Future singles chronology
| "Do You Mind" (2016) | "Too Much Sauce" (2016) | "Rivals" (2016) |

Lil Uzi Vert singles chronology
| "Pull Up" (2016) | "Too Much Sauce" (2016) | "Bad and Boujee" (2016) |

Music video
- "Too Much Sauce" on YouTube

= Too Much Sauce =

"Too Much Sauce" is a song by American DJ and songwriter DJ Esco featuring fellow American rappers Future and Lil Uzi Vert. Written alongside producer Zaytoven, it was released on June 24, 2016, by A1 Records, Freebandz, and Epic Records, as the lead single from Esco's mixtape Project E.T. (2016).

==Music video==
The music video for "Too Much Sauce", directed by Rick Nyce, was released on October 14, 2016, on DJ Esco's Vevo account.

==Commercial performance==
The single peaked at number 50 on the US Billboard Hot 100. As of 2026, it is DJ Esco's only charting single.

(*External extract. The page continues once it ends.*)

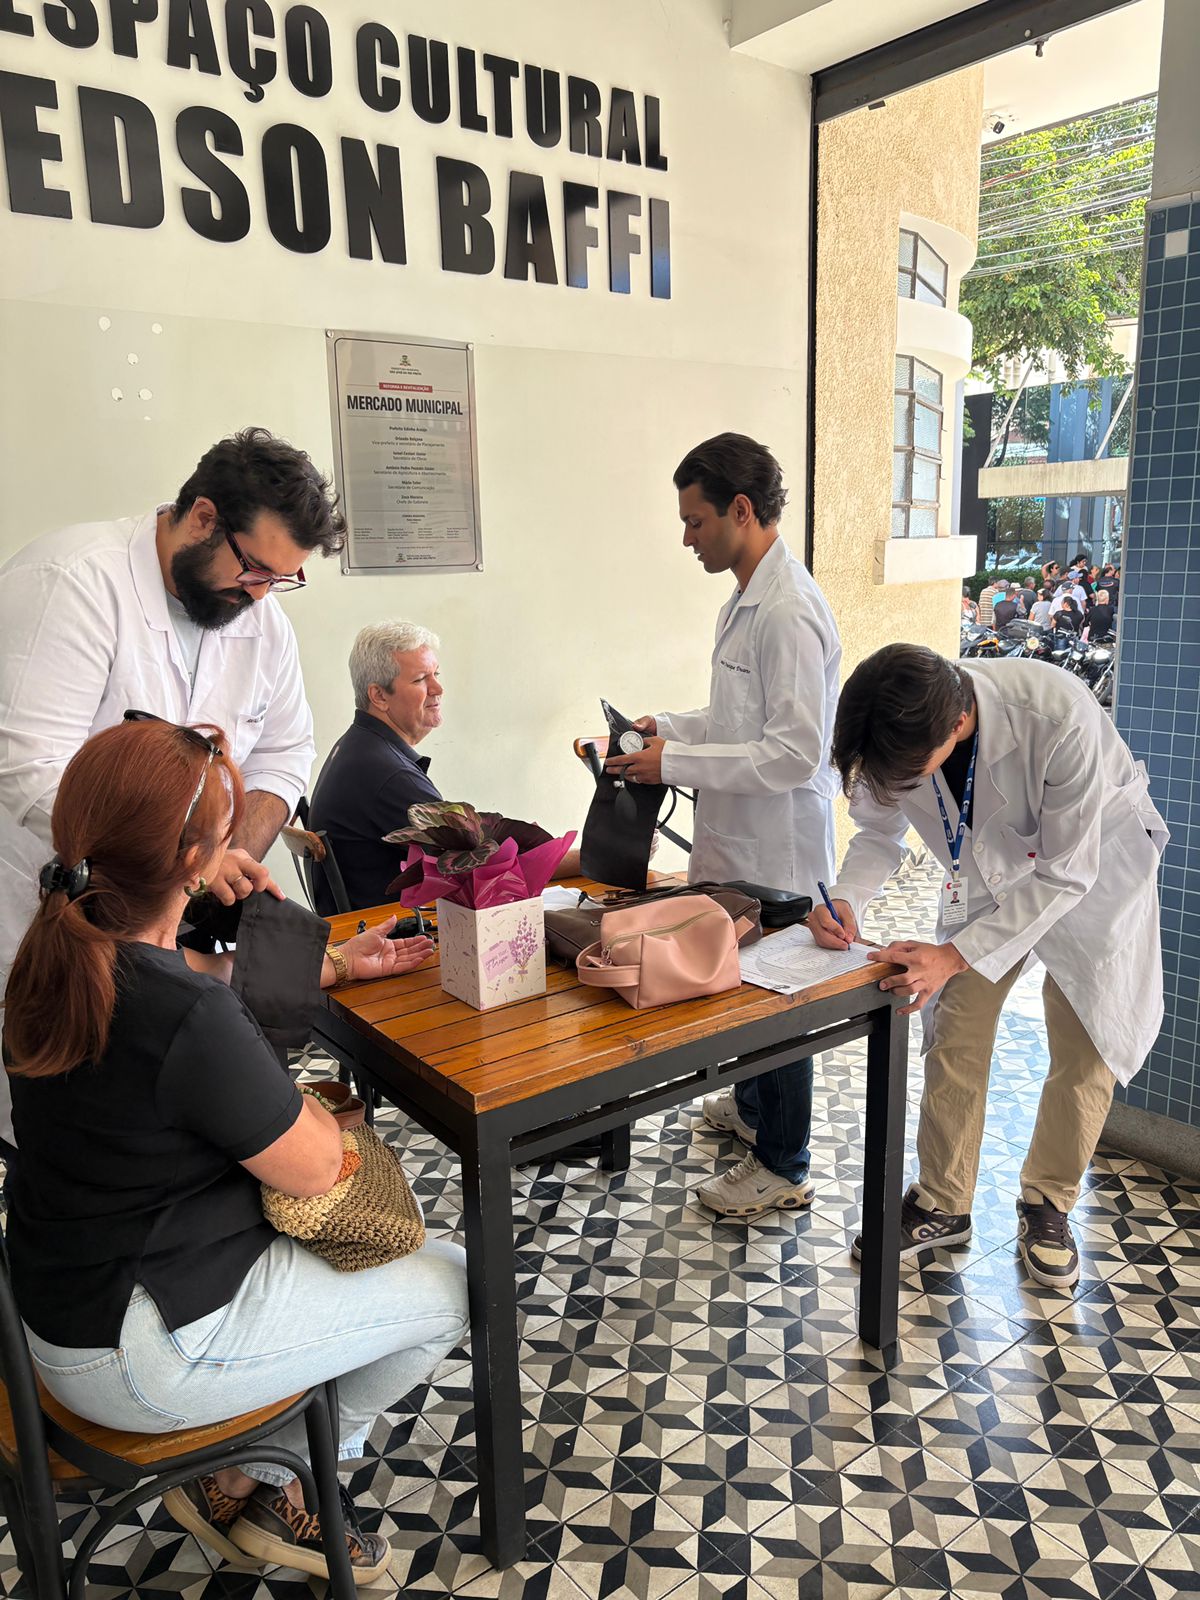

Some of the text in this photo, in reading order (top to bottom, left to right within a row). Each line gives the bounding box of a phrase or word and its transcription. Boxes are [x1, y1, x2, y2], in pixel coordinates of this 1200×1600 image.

[356, 22, 669, 171] CULTURAL
[0, 70, 672, 300] EDSON BAFFI
[347, 395, 463, 415] MERCADO MUNICIPAL

The song was certified Platinum by the Recording Industry Association of America (RIAA) for earning 1,000,000 equivalent units in the United States.

==Charts==

===Weekly charts===

| Chart (2016–2017) | Peak position |
|---|---|
| US Billboard Hot 100 | 50 |
| US Hot R&B/Hip-Hop Songs (Billboard) | 21 |

===Year-end charts===

| Chart (2016) | Position |
|---|---|
| US Hot R&B/Hip-Hop Songs (Billboard) | 91 |
| Chart (2017) | Position |
| US Hot R&B/Hip-Hop Songs (Billboard) | 100 |

==Certifications==

| Region | Certification | Certified units/sales |
| United States (RIAA) | Platinum | 1,000,000^{‡} |
^{‡} Sales+streaming figures based on certification alone.